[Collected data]
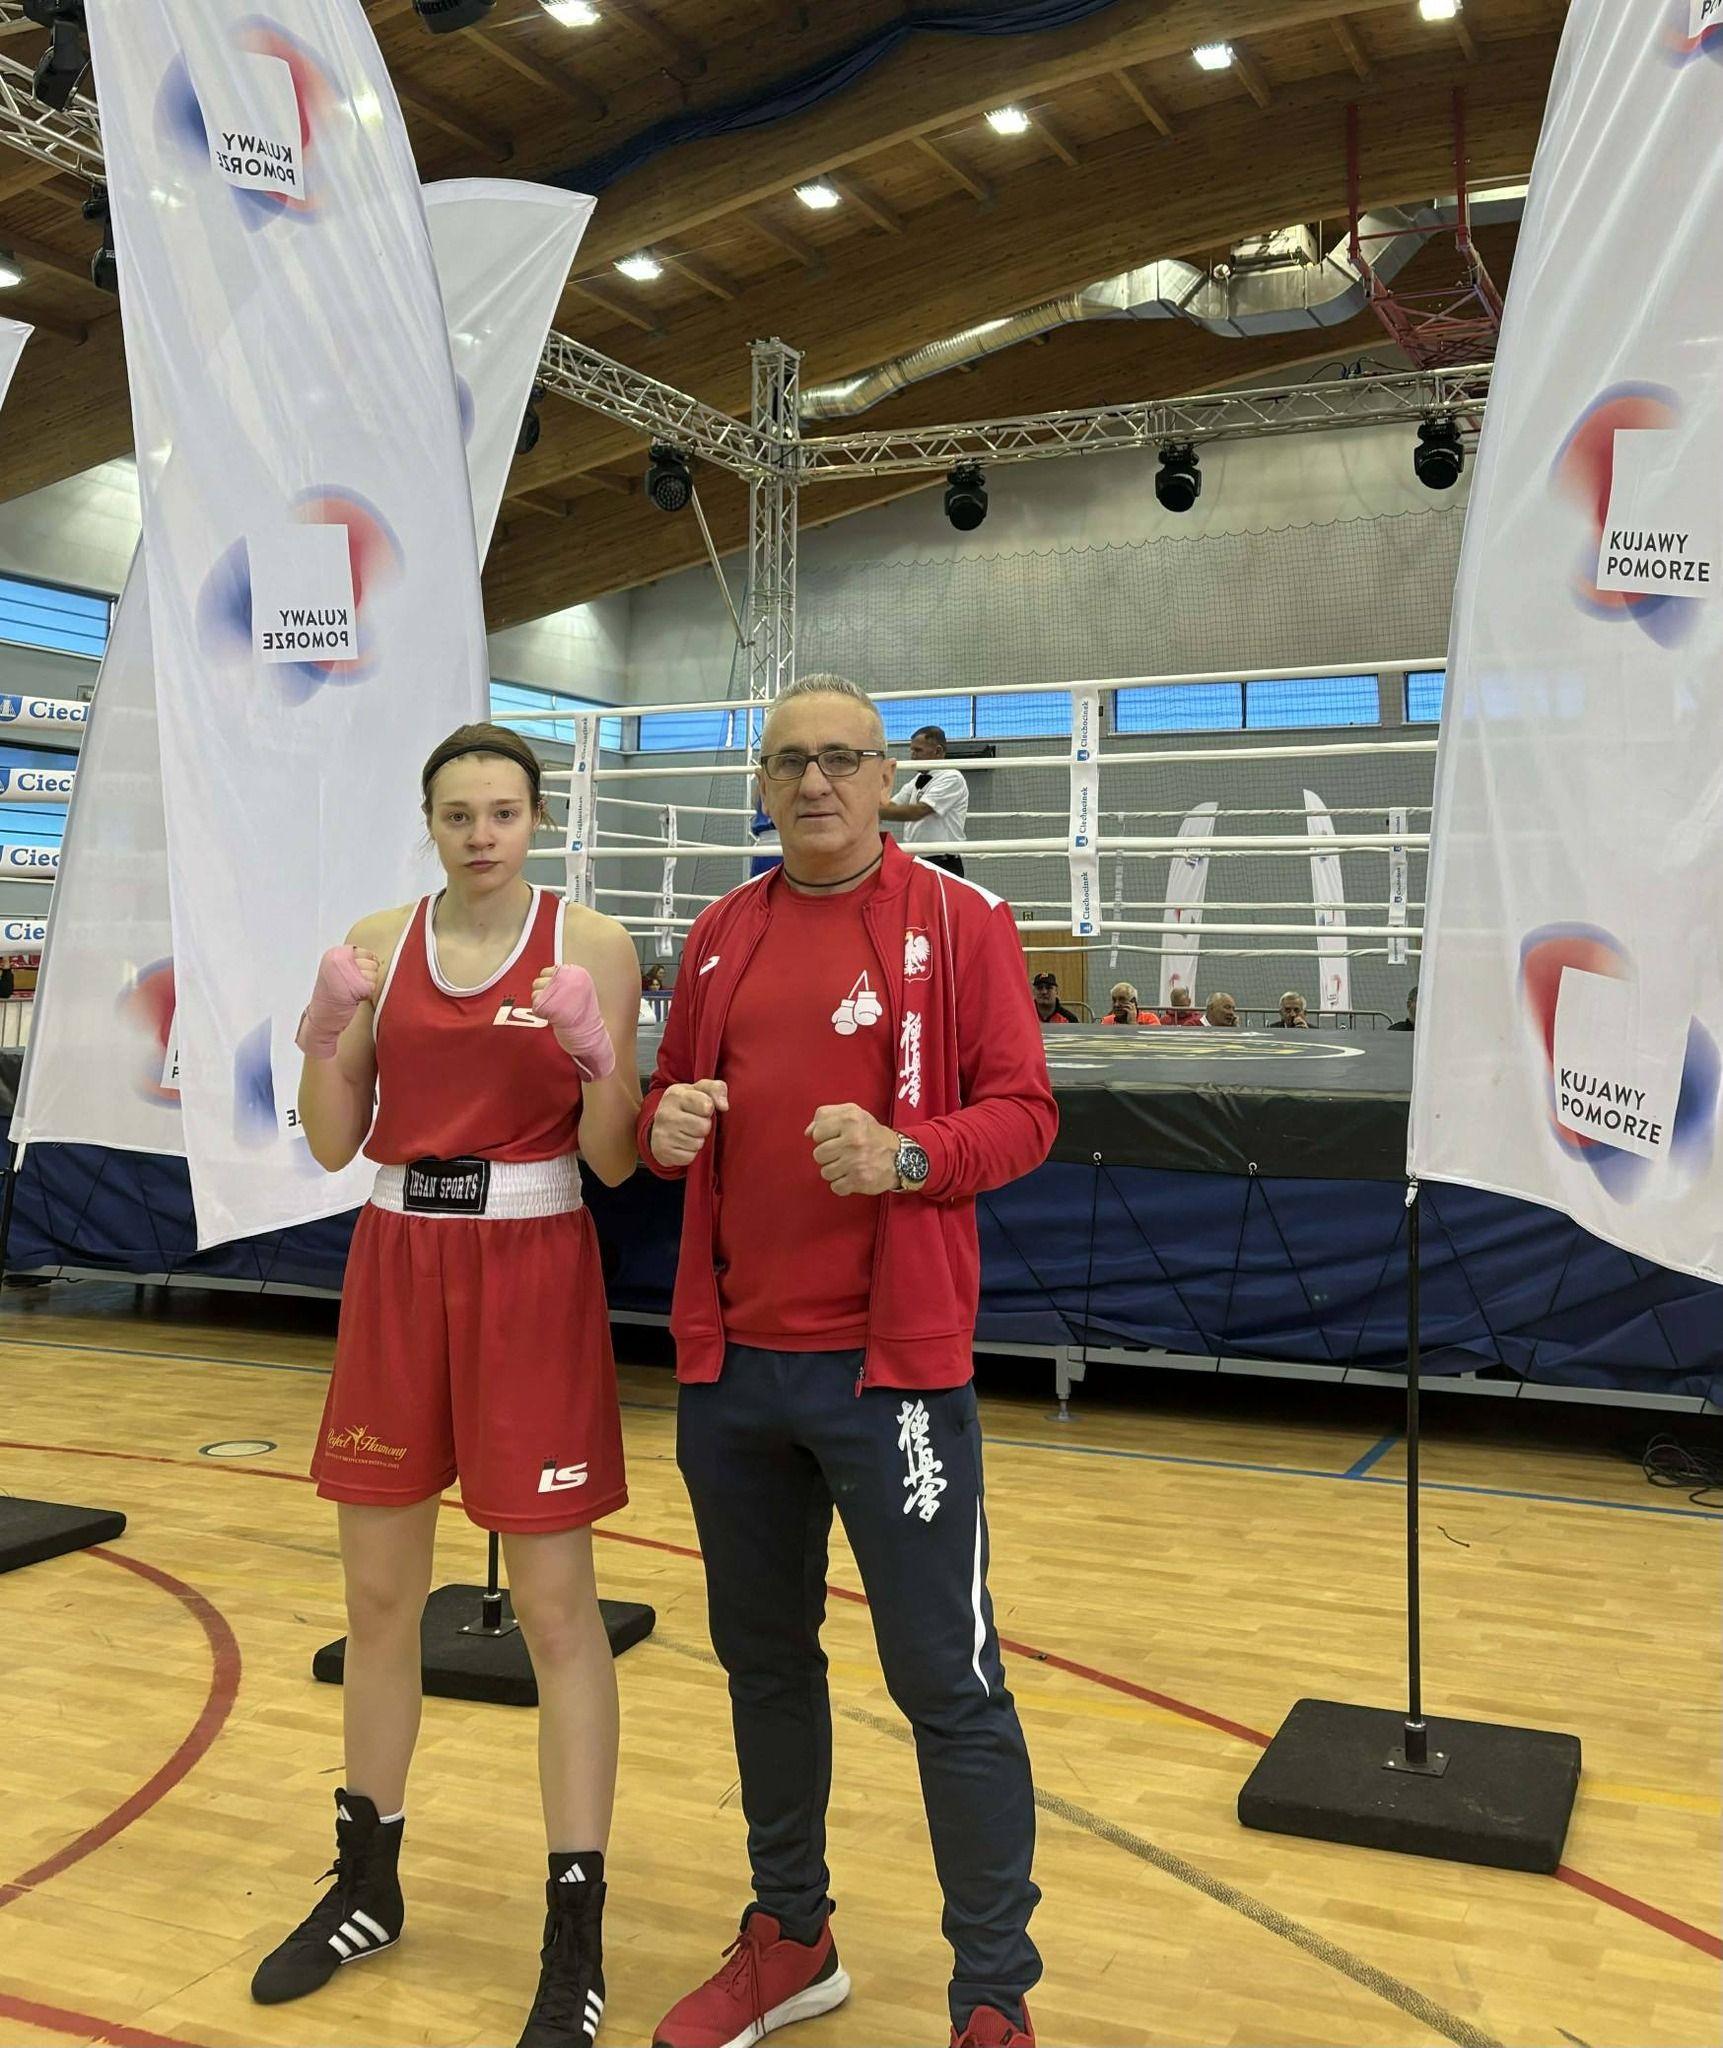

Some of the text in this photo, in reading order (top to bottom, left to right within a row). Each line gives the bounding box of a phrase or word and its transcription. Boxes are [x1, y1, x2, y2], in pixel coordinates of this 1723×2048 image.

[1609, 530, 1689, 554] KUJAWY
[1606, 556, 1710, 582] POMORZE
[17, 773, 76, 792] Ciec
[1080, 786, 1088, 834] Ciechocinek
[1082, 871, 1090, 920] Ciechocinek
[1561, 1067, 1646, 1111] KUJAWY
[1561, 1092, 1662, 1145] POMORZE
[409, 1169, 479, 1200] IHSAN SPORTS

TASK INSTRUCTIONS. Would you write out an exact copy of the entries above, with no images?

YOUR RESPONSE.
Some of the text in this photo, in reading order (top to bottom, left to right within a row). Each line gives the bounding box of a phrase or word and its transcription. Boxes are [x1, y1, x2, y2], in pixel coordinates of this 1723×2048 image.

[1609, 530, 1689, 554] KUJAWY
[1606, 556, 1710, 582] POMORZE
[17, 773, 76, 792] Ciec
[1080, 786, 1088, 834] Ciechocinek
[1082, 871, 1090, 920] Ciechocinek
[1561, 1067, 1646, 1111] KUJAWY
[1561, 1092, 1662, 1145] POMORZE
[409, 1169, 479, 1200] IHSAN SPORTS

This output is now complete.